4 - Mamãe Zulmira (…) meu pai, Tobias Rosa — Seus progenitores: Tobias Antônio Rosa e Zulmira Ribeiro Rosa. Seu pai, desencarnado em 26/11/1917, “foi o grande jornalista que marcou época nesta cidade, com a sua A Gazeta de Uberaba, um verdadeiro líder do jornalismo interiorano.” (J. P. dos Santos, em artigo já citado.)
5 - Armel Miranda — Seu cunhado, falecido em 1947, “um dos uberabenses que se encontra na galeria de honra e nos anais da história de Uberaba, como um dos pioneiros e um dos mais arrojados importadores de zebu.” (J. P. dos Santos, idem.)
6 - Ginga, bastante doente e abatida — Apelido de Lídia Rosa Miranda, sua irmã e viúva de Armel Miranda. Na época referida, estava muito enferma.
7 - Antônio Martins Borges — Fazendeiro e comerciante dos mais destacados de Uberaba, faleceu em 1966.
8 - João Prata — Sogro da irmã de Chiquito, Délia Rosa Prata. Faleceu em 1942.
9 - Joaquim Telésforo — Joaquim Telésforo Prata, amigo, faleceu em 1937.
10 - David Carvalho — Farmacêutico, um dos fundadores do Hospital Beneficência Portuguesa de Uberaba, faleceu em 1965.

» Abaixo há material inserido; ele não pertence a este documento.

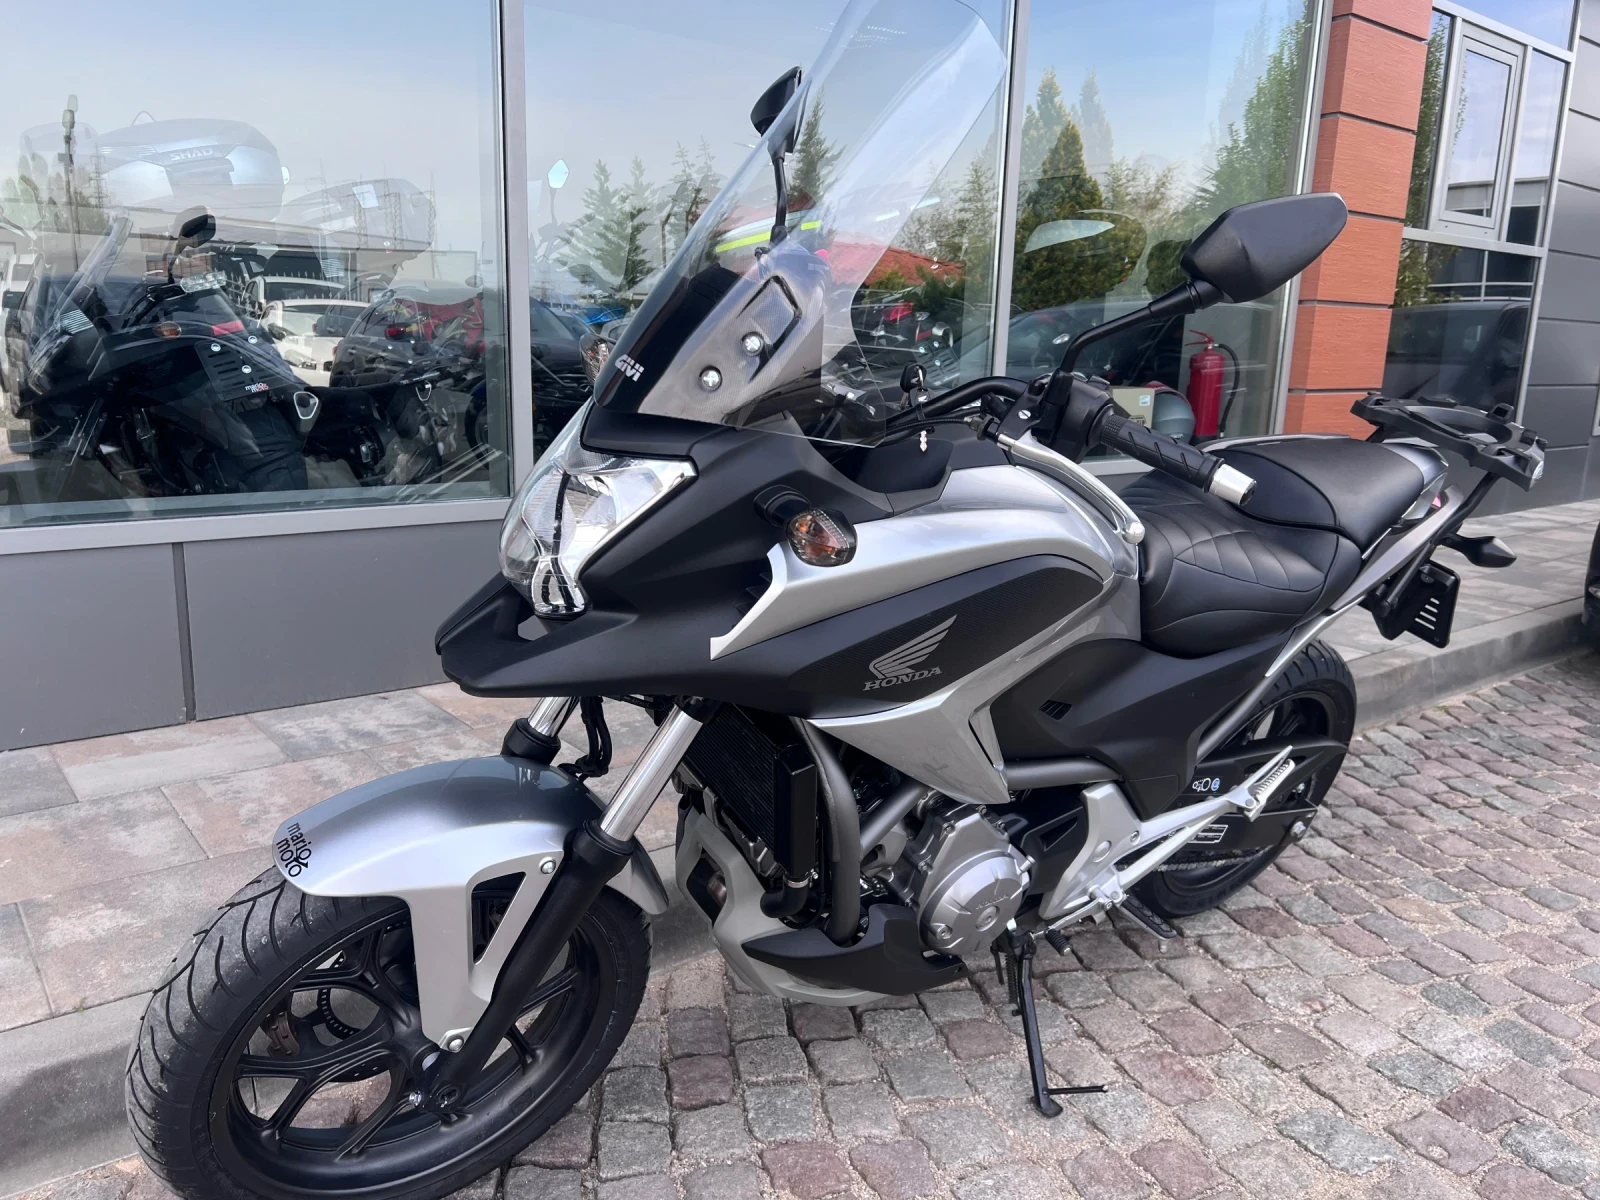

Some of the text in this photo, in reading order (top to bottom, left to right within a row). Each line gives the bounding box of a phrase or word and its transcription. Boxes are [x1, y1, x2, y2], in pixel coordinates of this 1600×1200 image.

11 - Francisco Rosa e Silva (Chiquito) — Nasceu e desencarnou em Uberaba, a 29/03/1898 e 25/12/1980, respectivamente. Além de sua atuação marcante no comércio do gado zebu, também tornou-se muito conhecido como esportista. Foi um dos fundadores do Uberaba Sport Club e, quando presidente desta agremiação, em 1920, adquiriu um terreno e nele construiu o Estádio Boulanger Pucci. Assim, a Rua Chiquito Rosa, no Bairro das Mercês, é uma justa homenagem pública à sua memória.